Stored items:
------------------------------------
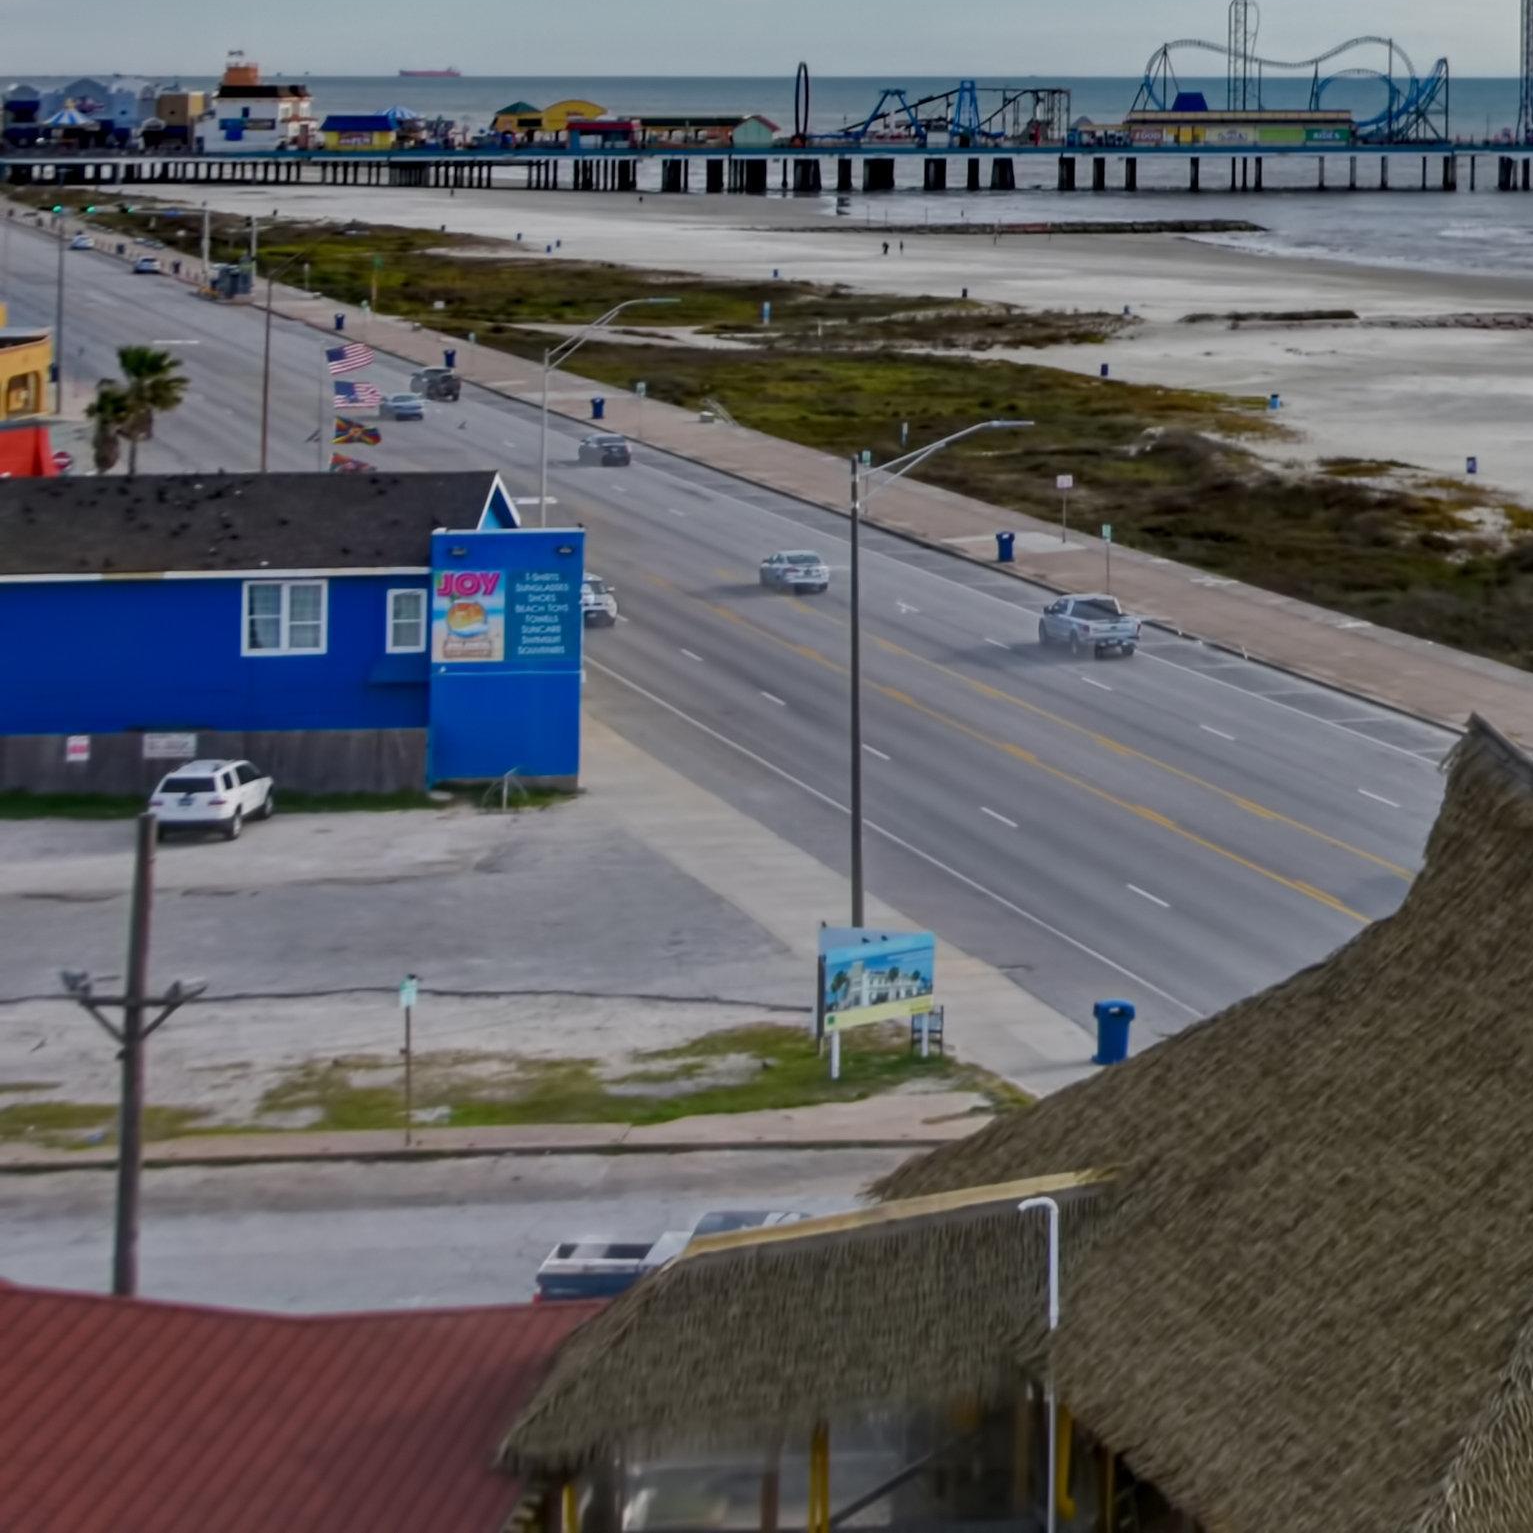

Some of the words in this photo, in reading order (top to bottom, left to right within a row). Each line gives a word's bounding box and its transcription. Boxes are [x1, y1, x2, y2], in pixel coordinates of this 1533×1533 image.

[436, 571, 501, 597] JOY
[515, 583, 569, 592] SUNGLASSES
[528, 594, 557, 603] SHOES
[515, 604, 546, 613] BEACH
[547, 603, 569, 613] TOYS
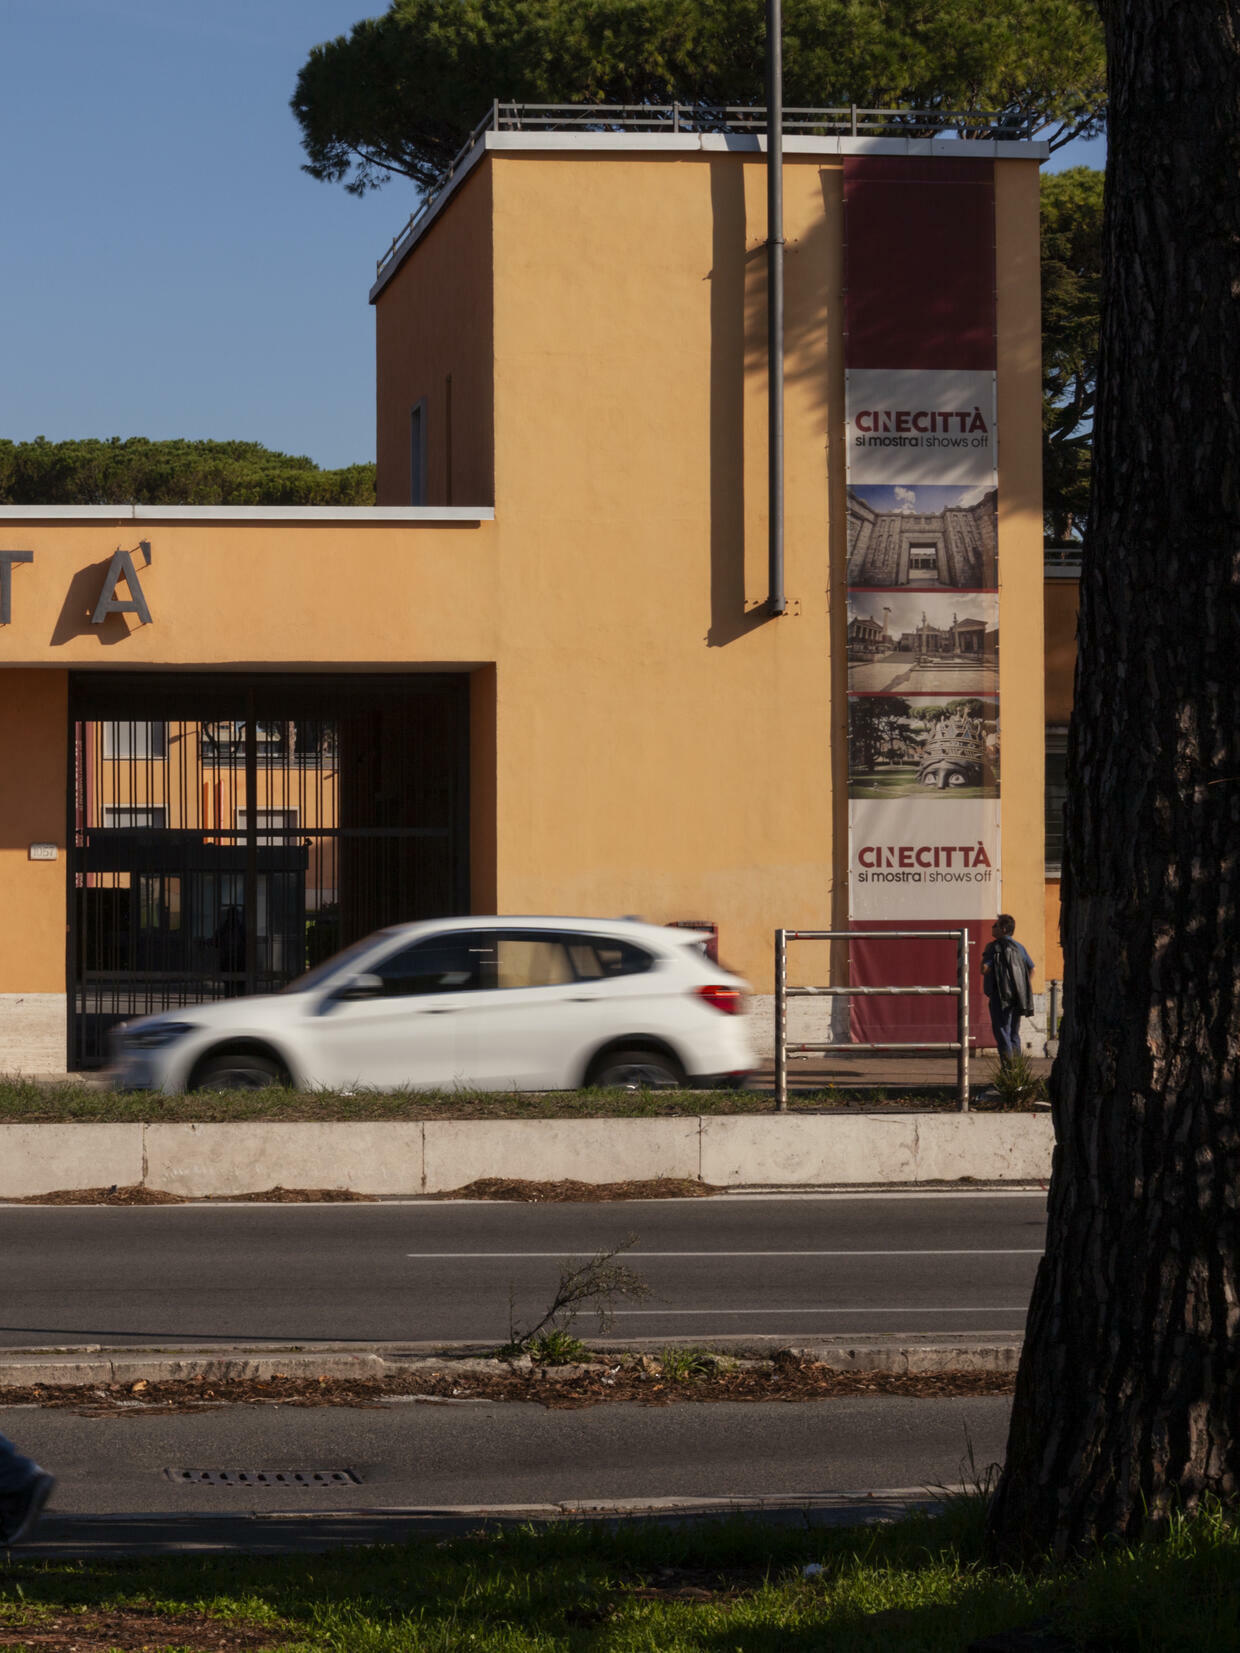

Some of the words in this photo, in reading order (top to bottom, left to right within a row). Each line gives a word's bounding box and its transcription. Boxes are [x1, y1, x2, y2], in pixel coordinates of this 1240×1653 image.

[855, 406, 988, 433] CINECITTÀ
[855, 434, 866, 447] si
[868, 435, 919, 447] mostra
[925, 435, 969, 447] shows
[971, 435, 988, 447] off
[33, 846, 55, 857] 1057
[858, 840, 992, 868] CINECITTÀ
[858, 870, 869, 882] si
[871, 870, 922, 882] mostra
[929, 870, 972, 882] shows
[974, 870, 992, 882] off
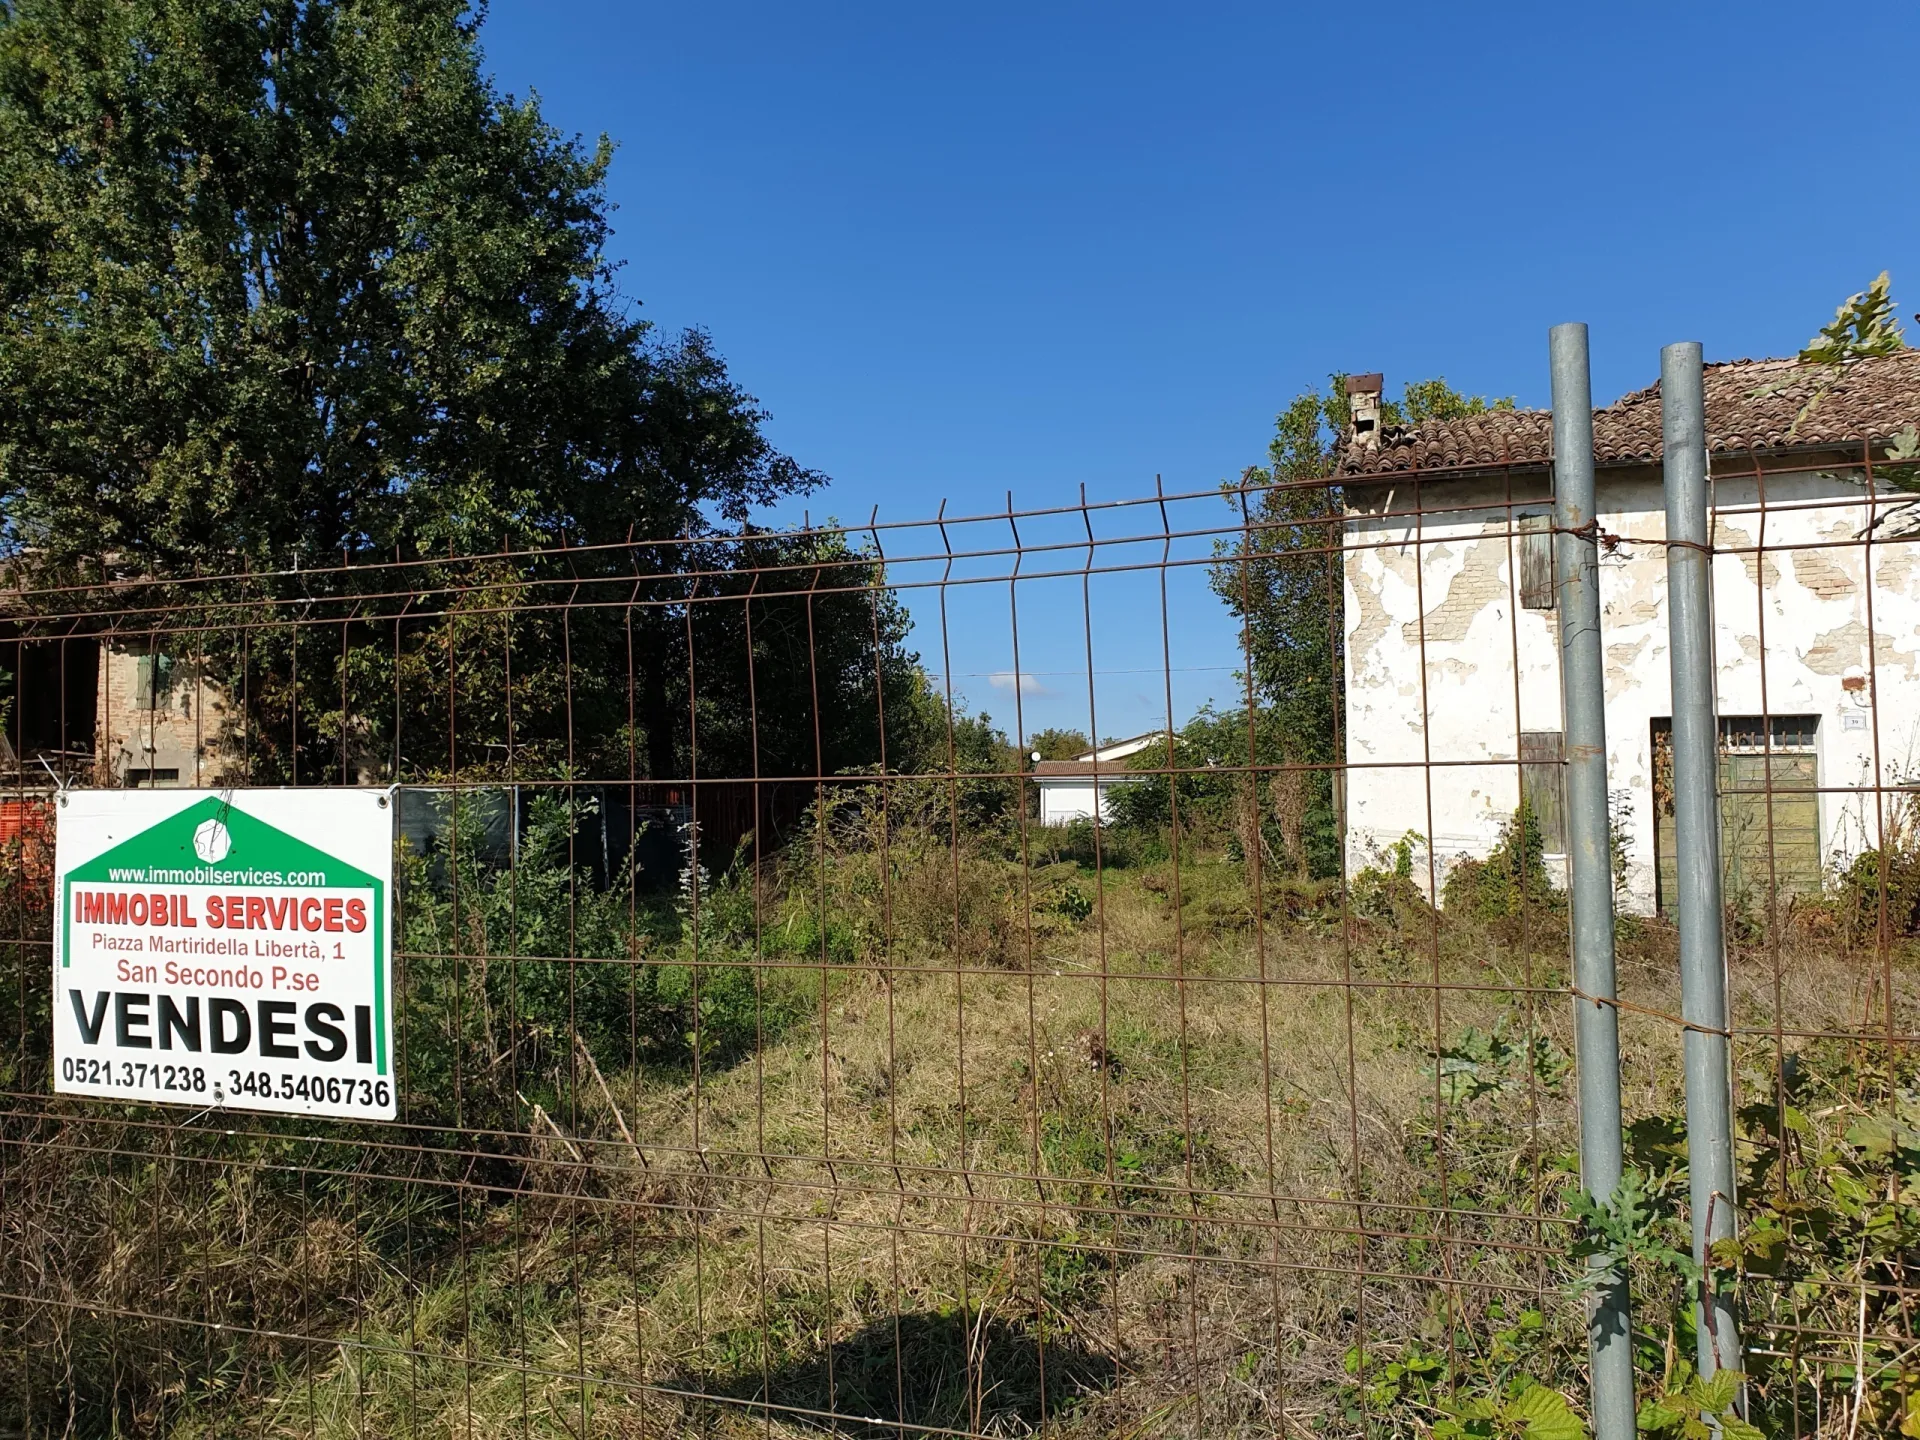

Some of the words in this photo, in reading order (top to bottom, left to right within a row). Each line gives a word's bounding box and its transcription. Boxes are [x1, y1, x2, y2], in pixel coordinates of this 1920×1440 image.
------------------------------------
:: HOW TO COMPLETE THIS TASK ::
Please return only the lines running from the line with "this 1240×1653 image." to the final line of the data, both included, exactly and without any pictures.

:: REPLY TO THE TASK ::
Some of the words in this photo, in reading order (top to bottom, left to right within a row). Each line gives a word's bounding box and its transcription. Boxes are [x1, y1, x2, y2], in pixel coordinates of this 1240×1653 image.

[855, 406, 988, 433] CINECITTÀ
[855, 434, 866, 447] si
[868, 435, 919, 447] mostra
[925, 435, 969, 447] shows
[971, 435, 988, 447] off
[33, 846, 55, 857] 1057
[858, 840, 992, 868] CINECITTÀ
[858, 870, 869, 882] si
[871, 870, 922, 882] mostra
[929, 870, 972, 882] shows
[974, 870, 992, 882] off

Some of the words in this photo, in reading order (top to bottom, left to right within a row). Each line gives a word's bounding box and its transcription. Boxes are [x1, y1, x2, y2], in pixel coordinates of this 1920×1440 image.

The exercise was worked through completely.